With the fall semester fast approaching, OCCC students still seeking monetary assistance should look no further than the Financial Aid Office, said Financial Aid Director Sonya Gore.
If they haven’t already done so, Gore said, the first thing students should do is submit the Federal Application for Student Aid (FAFSA) found at www.fafsa.gov.
There are different types of federal aid unique to each student, she said, and often students are not sure if they qualify.
“If students meet the criteria, they can be awarded a federal Pell grant or qualify for subsidized or unsubsidized loans,” she said.
When students qualify for the federal Pell grant, Gore said, they don’t have to repay the award amount — though class attendance is crucial.
“Students are expected to attend class and complete their coursework successfully,” she said.
“If they withdraw or are administratively withdrawn for not attending, they could owe money back to the Pell program … because the assumption was, when they gave them that grant, [the student] was going to go to class.
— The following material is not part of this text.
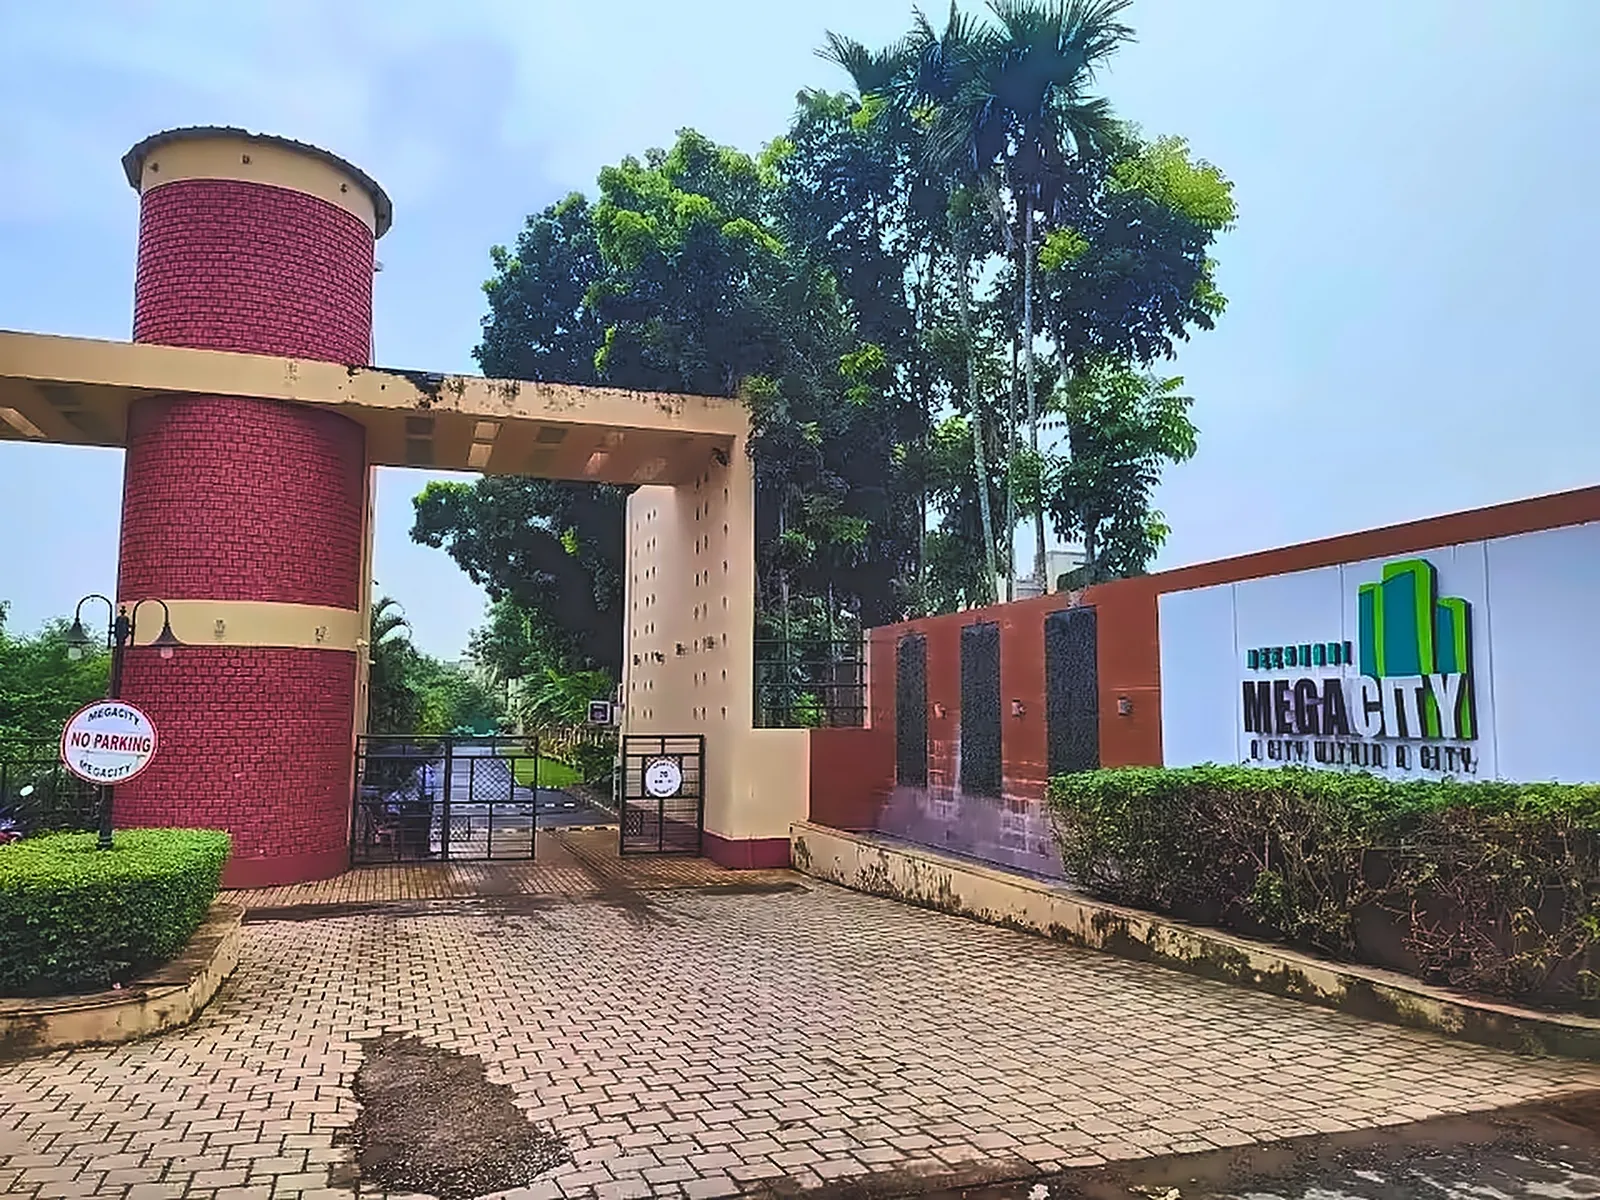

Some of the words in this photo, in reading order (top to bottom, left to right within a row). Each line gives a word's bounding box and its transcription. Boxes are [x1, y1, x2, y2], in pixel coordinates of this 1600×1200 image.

Gore said students also may qualify for federal work-study funds. Students who accept those funds are awarded money to perform work on campus.
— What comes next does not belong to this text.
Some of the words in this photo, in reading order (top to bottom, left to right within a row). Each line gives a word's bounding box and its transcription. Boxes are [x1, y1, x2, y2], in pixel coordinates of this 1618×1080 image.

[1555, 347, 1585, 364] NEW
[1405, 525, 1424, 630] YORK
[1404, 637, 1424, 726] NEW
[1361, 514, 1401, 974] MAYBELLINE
Unlike grants or work-study money, loans must be paid back, Gore said.
Subsidized loans means the government pays the loan interest while the student attends school and unsubsidized loans mean the interest accrues while the student attends school.
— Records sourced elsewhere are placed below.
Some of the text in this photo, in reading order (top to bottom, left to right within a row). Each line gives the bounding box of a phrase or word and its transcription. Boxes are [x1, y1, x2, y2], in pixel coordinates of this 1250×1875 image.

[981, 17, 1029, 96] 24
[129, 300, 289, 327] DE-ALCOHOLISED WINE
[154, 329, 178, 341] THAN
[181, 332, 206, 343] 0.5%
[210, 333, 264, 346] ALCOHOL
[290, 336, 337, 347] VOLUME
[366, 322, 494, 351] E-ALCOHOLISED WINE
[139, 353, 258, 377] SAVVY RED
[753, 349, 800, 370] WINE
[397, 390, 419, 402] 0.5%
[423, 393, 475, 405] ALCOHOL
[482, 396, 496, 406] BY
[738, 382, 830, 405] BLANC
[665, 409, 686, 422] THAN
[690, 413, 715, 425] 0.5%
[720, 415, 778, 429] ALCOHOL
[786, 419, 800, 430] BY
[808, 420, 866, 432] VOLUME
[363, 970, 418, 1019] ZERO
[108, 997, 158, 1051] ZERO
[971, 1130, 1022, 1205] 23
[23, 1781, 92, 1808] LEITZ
“We have to offer subsidized loans first, but some students don’t qualify for them,” she said.
“If students don’t qualify for the Pell grant or subsidized loans, they can be offered unsubsidized loans.”
When students apply for federal loans, Gore said, they don’t have to pay them back while attending school. Once a student graduates or stops attending class, she said, there is a six-month grace period before a student has to start making payments.
“In general, students have a six-month grace period and they have to stay in touch with their lender,” she said. “If students have financial difficulties, there’s hardship forms that can be filed, so it’s important that they stay in touch with their loan service provider to make sure their loan stays current.”
Gore said students have until the end of 2014 to submit their FAFSA and qualify for aid for the fall 2014 semester or spring 2015 semester.